26 Insistons sur le fait qu'une situation n'est jamais tragique par elle-même, c'est la figuration/narration qu'on en fait qui l'est ou ne l'est pas. Le débat permanent entre l'histoire dite "événementielle" et l'École des Annales est là pour nous le rappeler.
27 Éventuellement dédoublé en un personnage actant et une personne assistant. Mais ce n'est pas une nécessité, d'une part parce que, avons-nous vu, la katharsis tragique reconstitue l'unité originelle de l'actant et de l'assistant dans l'"ivresse extatique" éprouvée dans le dithyrambe, et, d'autre part, parce que les capacités récursives de la conscience humaine permettent à chacun(e) d'être spectateur de soi-même, ce que prouvent, notamment, les pratiques méditatives.
28 Il importe, lorsque l'actant est distinct de l'assistant (par exemple, au théâtre) qu’un délai suffisant s’écoule pour que l'assistant ait le temps d’éprouver "pitié et horreur" en goûtant l'étendue de la catastrophe. C'est là le rôle des péripéties, περιπέτειαι, et de la narration faite par le chœur.
29 Dans son avant-propos à l'édition de 1831 de son roman Notre-Dame de Paris, Victor Hugo dit avoir "trouv[é], dans un recoin obscur de l’une des tours [de Notre-Dame], ce mot gravé à la main sur le mur". Et il conclut en disant : "c’est sur ce mot qu’on a fait ce livre" !

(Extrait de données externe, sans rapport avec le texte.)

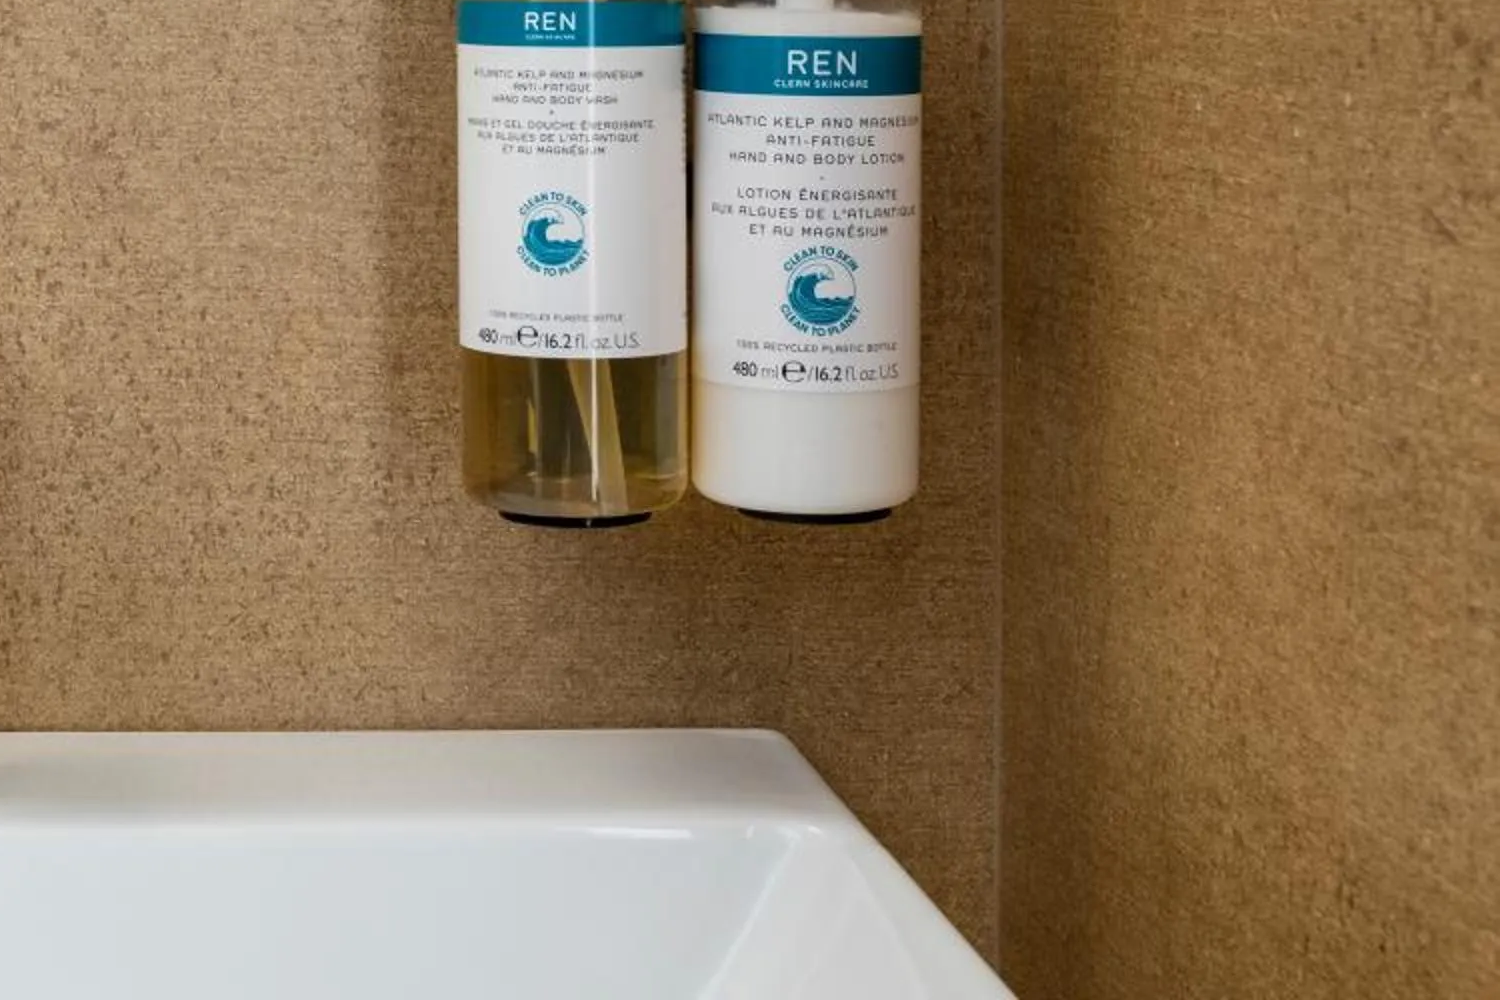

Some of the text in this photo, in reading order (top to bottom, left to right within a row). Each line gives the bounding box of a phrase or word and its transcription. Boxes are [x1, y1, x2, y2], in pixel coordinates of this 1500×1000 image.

[524, 11, 577, 31] REN
[787, 49, 858, 76] REN
[517, 69, 546, 80] KELP
[549, 70, 575, 80] AND
[773, 79, 869, 89] CLEAN SKINCARE
[522, 96, 546, 105] AND
[550, 96, 583, 105] BODY
[504, 120, 522, 130] GEL
[527, 121, 575, 131] DOUCHE
[708, 113, 767, 127] ATLANTIC
[773, 116, 815, 129] KELP
[821, 117, 853, 129] AND
[766, 134, 876, 148] ANTI-FATIGUE
[729, 153, 905, 165] HAND AND BODY LOTION
[737, 185, 897, 202] LOTION ÉNERGISANTE
[519, 191, 588, 216] CLEAN TO SKIN
[739, 205, 799, 219] ALGUES
[805, 207, 825, 220] DE
[749, 223, 888, 238] ET AU MAGNÉSIUM
[783, 246, 859, 272] CLEAN TO SKIN
[543, 267, 557, 277] TO
[780, 303, 861, 337] CLEAN TO PLANET
[732, 361, 757, 377] 480

30 On dira que l'oracle lui avait pourtant prédit tout l'enchaînement mécanique du processus. Mais c'est faux. L'oracle avait prédit à Œdipe qu'il tuerait son père et non qu'il tuerait un inconnu dans un carrefour. L'aléa non prédit par l'oracle, c'est que, pour tuer son père, il a fallu que son père et l'inconnu du carrefour fussent la même personne. On fera le même raisonnement pour la prédiction selon laquelle il épouserait sa mère. De là la différence entre "prévoir" et "prédire" : sur la base de son expérience personnelle, l'oracle peut bien prévoir par induction la survenance globale et abstraite de tel schéma événementiel (par exemple, des troubles sociaux ou bien le temps qu'il va faire) mais sans en pouvoir prédire le détail.

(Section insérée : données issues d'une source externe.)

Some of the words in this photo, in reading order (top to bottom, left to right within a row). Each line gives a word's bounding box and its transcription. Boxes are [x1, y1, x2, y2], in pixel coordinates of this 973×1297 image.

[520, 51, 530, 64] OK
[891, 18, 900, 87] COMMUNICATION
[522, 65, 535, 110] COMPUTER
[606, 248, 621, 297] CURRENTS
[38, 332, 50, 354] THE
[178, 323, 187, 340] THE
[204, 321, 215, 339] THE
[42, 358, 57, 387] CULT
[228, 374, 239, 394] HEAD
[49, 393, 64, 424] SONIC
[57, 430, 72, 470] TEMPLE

31 Dans la pensée grecque classique, savoir, c'est avant tout pré-voir, c'est-à-dire voir loin. Se crever les yeux, donc ne plus voir, est aussi une sorte de suicide symbolique (Homère dit des guerriers morts au combat qu'ils ne verront plus le jour).
32 Tel est, d'ailleurs le ressort classique du "polar" : l'assassin a tout prévu sauf la survenance de l'événement qui, in fine, va disculper l'entité à qui il veut faire porter la responsabilité du forfait (que le même événement accuse l'assassin par voie de conséquence n'est en revanche qu'une simple convention de bonnes mœurs : cf. a contrario le film Match Point de Woody Allen).